● DATA FOR THIS EXERCISE:
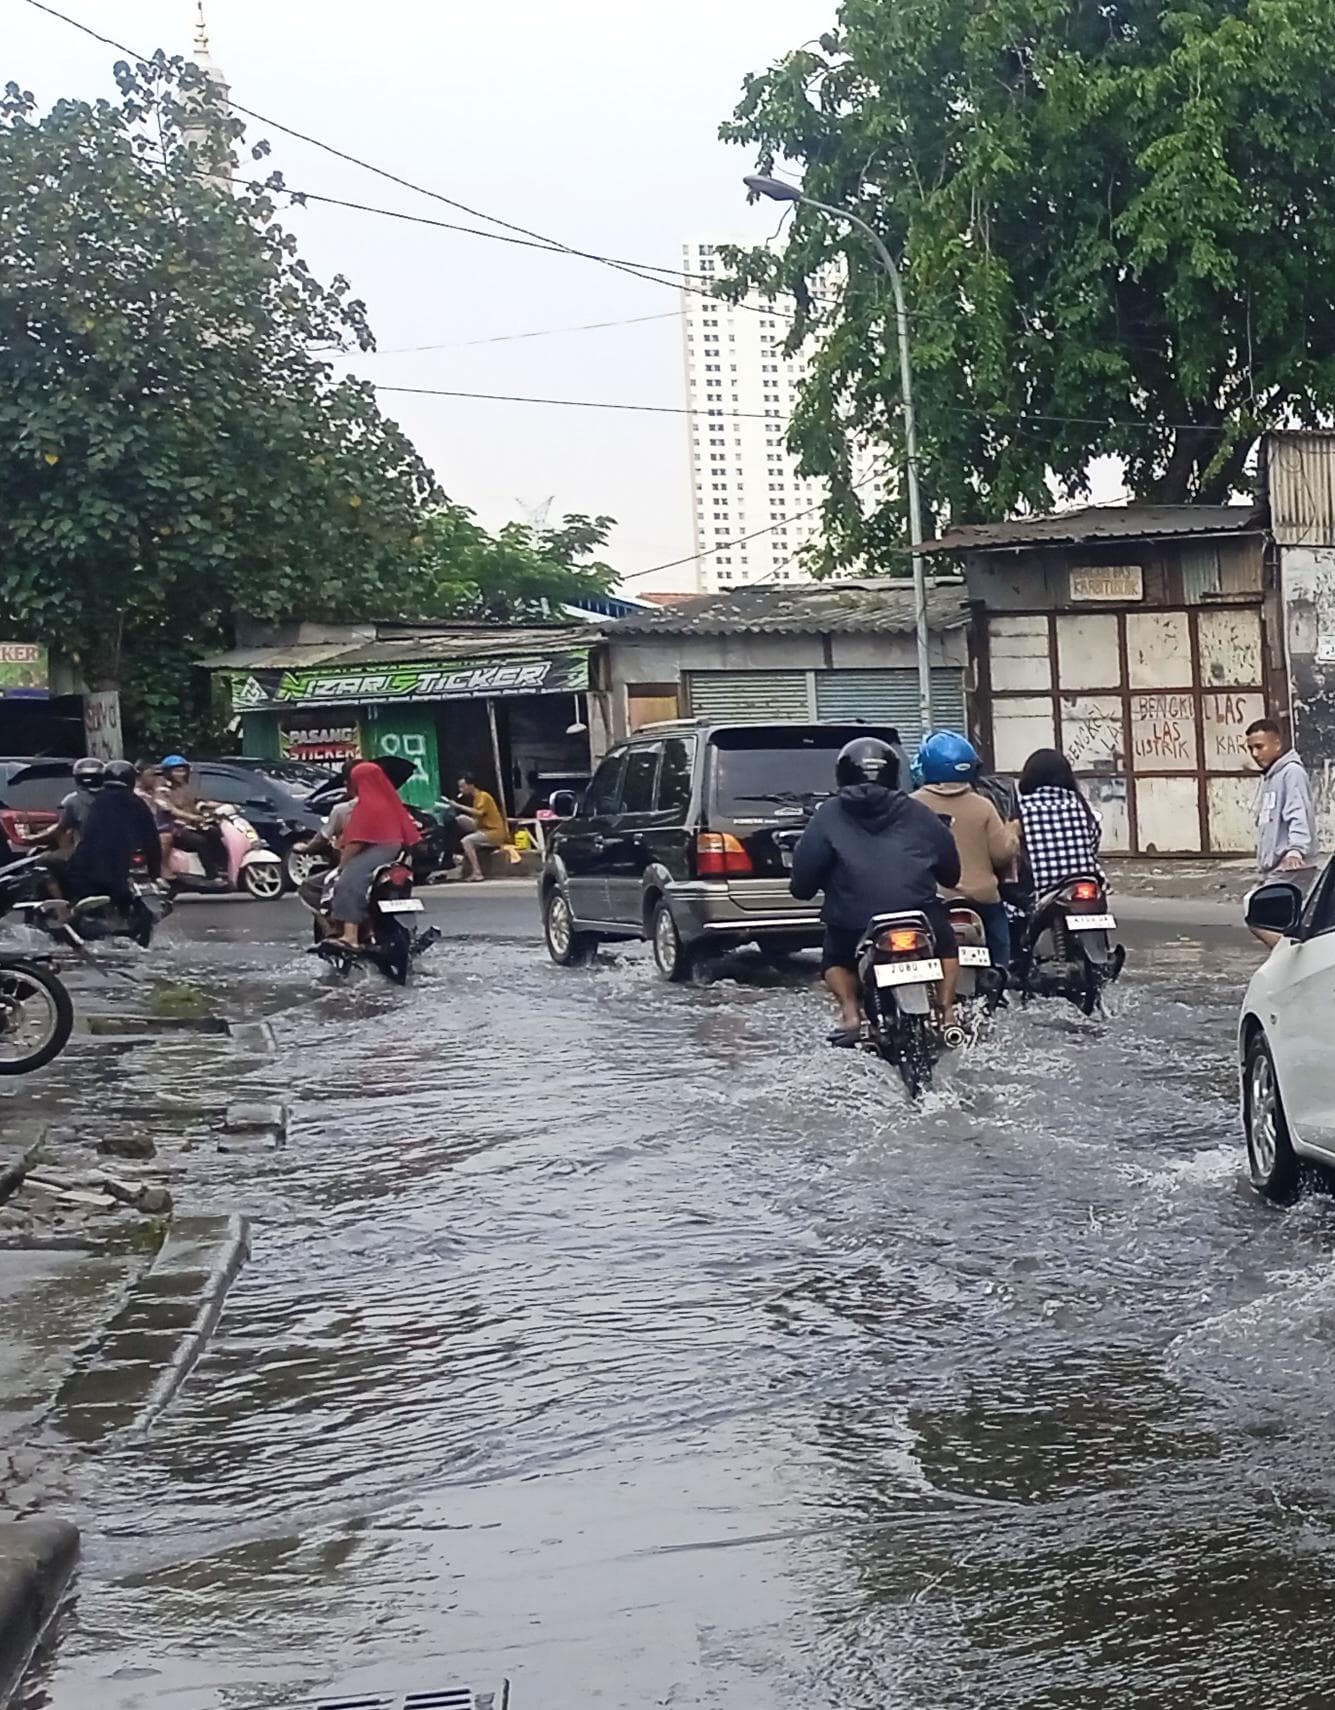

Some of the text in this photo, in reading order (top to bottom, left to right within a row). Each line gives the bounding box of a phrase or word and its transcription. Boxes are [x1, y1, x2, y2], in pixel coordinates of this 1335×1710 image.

[273, 671, 386, 702] NIZAR
[390, 663, 549, 695] STICKER
[1216, 694, 1246, 725] LAS
[290, 727, 352, 745] PASANG
[1153, 721, 1181, 742] LAS
[290, 748, 354, 761] STICKER
[1135, 739, 1189, 759] LISTRIK

● TASK GOAL: When an image appears in the data, skip it and output the rest exactly.

● SOLUTION:
Some of the text in this photo, in reading order (top to bottom, left to right within a row). Each line gives the bounding box of a phrase or word and its transcription. Boxes are [x1, y1, x2, y2], in pixel coordinates of this 1335×1710 image.

[273, 671, 386, 702] NIZAR
[390, 663, 549, 695] STICKER
[1216, 694, 1246, 725] LAS
[290, 727, 352, 745] PASANG
[1153, 721, 1181, 742] LAS
[290, 748, 354, 761] STICKER
[1135, 739, 1189, 759] LISTRIK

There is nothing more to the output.